BridgePark is creating programming to honor Black culture in the city. Credit: Keshia Eugene, BridgePark.

“Because of the history of exclusion of Black and Brown communities from much of the Region’s growth initiatives, we’re about Black and Brown community place-making and place-keeping to ensure that the benefits and the power—culturally, economically and civically—that are derived from BP flow equitably to Black and Brown neighborhoods.” 

That short, purposeful statement carries a lot of weight with Richmond BridgePark Foundation—it is their “theory of change,” a look to the outcomes they want to achieve as they transform Manchester Bridge in Virginia’s capital into a linear park.

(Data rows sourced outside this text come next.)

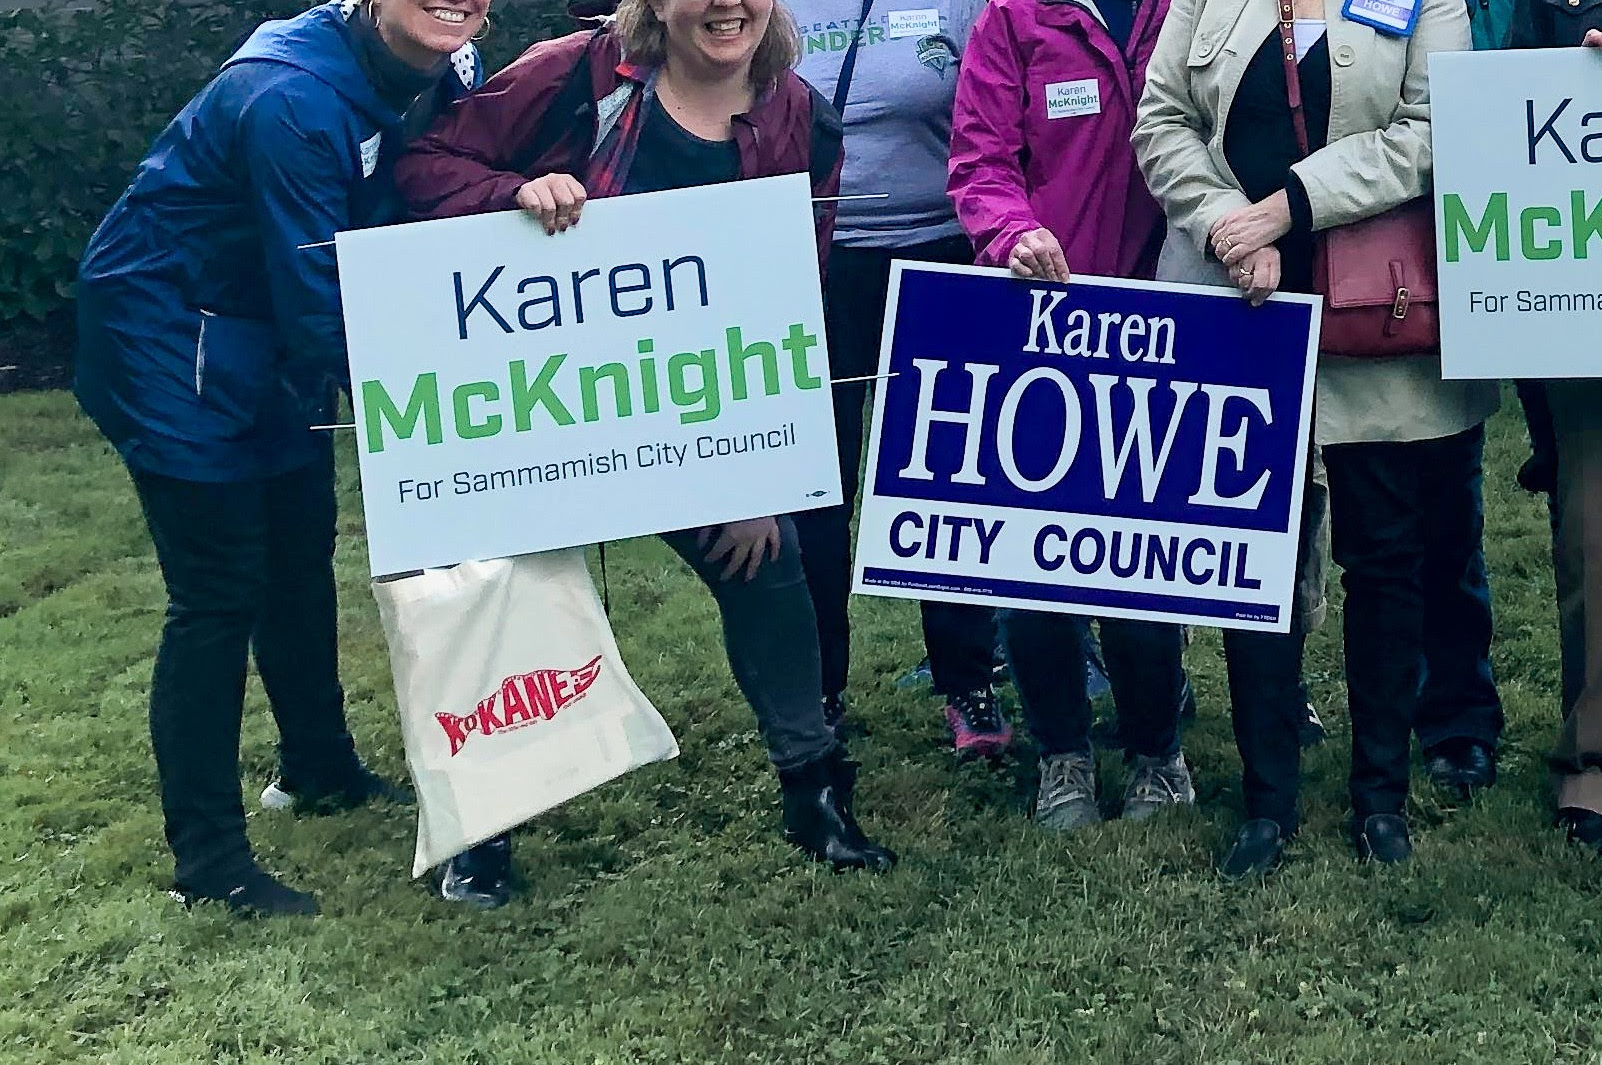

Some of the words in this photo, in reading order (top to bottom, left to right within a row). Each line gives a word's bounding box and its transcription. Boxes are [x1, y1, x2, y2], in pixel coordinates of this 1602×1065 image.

[890, 20, 938, 30] McKnight
[1048, 95, 1099, 109] McKnight
[453, 253, 709, 340] Karen
[1023, 289, 1176, 365] Karen
[1470, 291, 1508, 313] For
[361, 321, 822, 455] McKnight
[399, 479, 444, 503] For
[453, 449, 628, 495] Sammamish
[637, 443, 687, 468] City
[696, 422, 796, 459] Council
[898, 357, 1274, 511] HOWE
[888, 510, 1006, 565] CITY
[1033, 523, 1262, 590] COUNCIL
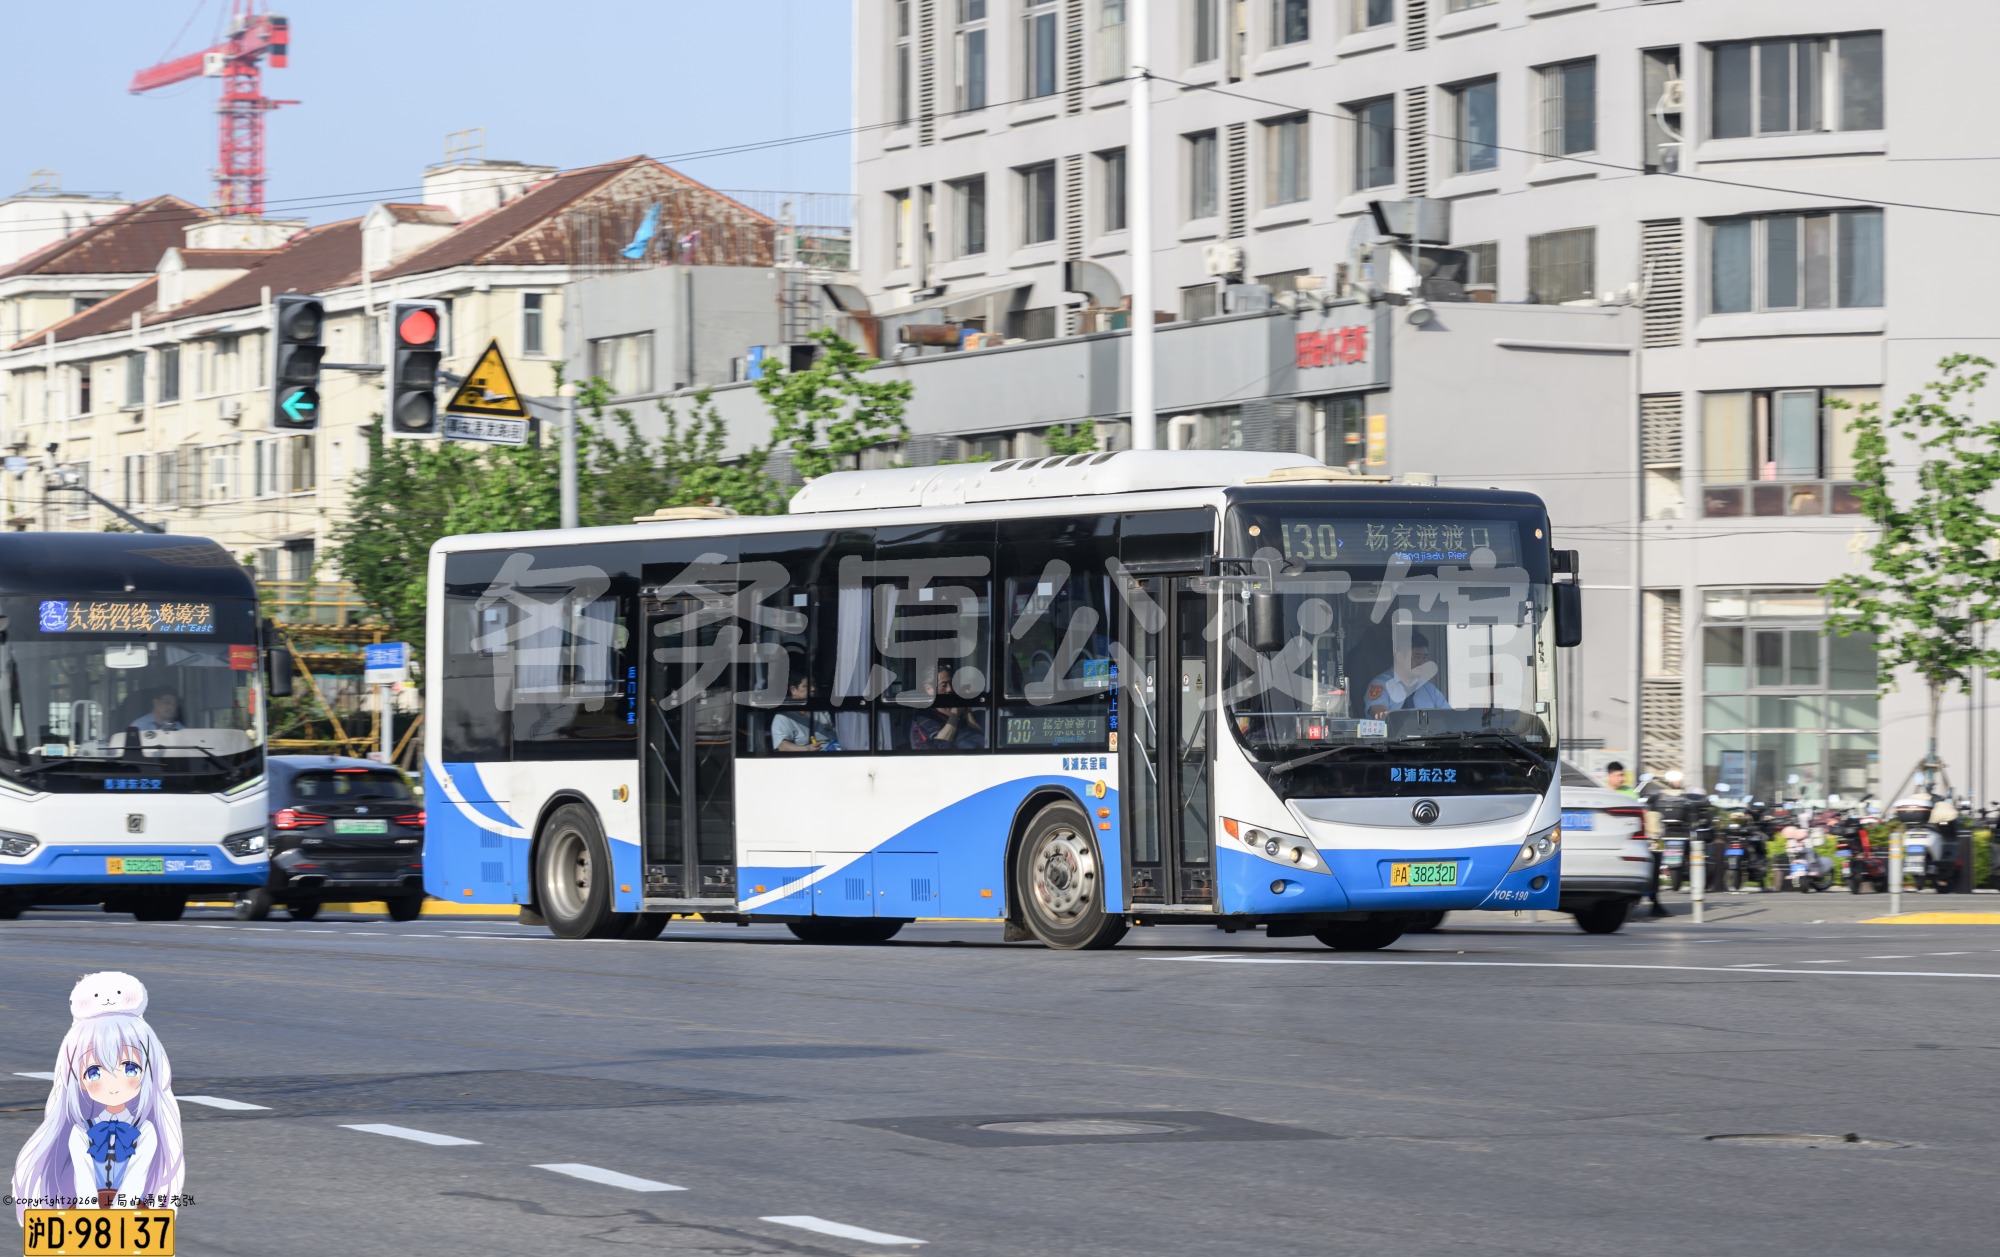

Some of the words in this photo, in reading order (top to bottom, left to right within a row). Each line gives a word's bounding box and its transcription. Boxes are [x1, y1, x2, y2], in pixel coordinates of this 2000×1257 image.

[1281, 524, 1338, 560] 130
[1365, 523, 1490, 551] 杨家渡渡口
[1395, 551, 1445, 562] Yangjiadu
[1447, 551, 1467, 560] Pier
[67, 602, 152, 631] 大桥四线
[1109, 664, 1118, 729] 前门上客
[1404, 768, 1457, 782] 浦东公交

A good theory of change (ToC) is concise, sets a vision for future equitable outcomes, and aligns with your mission. BridgePark had a “big picture” of what they wanted to do well before their steering committee started working on their ToC. They knew they wanted to address historic economic inequities in the city through economic development and education. Black and Brown communities’ cultural assets and community landmarks have often been overlooked in Richmond, and affected by disinvestment and damaging urban policies.  

The ToC process helped the organization drill down to the core importance of “Black place-making and place-keeping.” They gained a clearer understanding of how to prioritize equitable development—and then were ready to develop a work plan.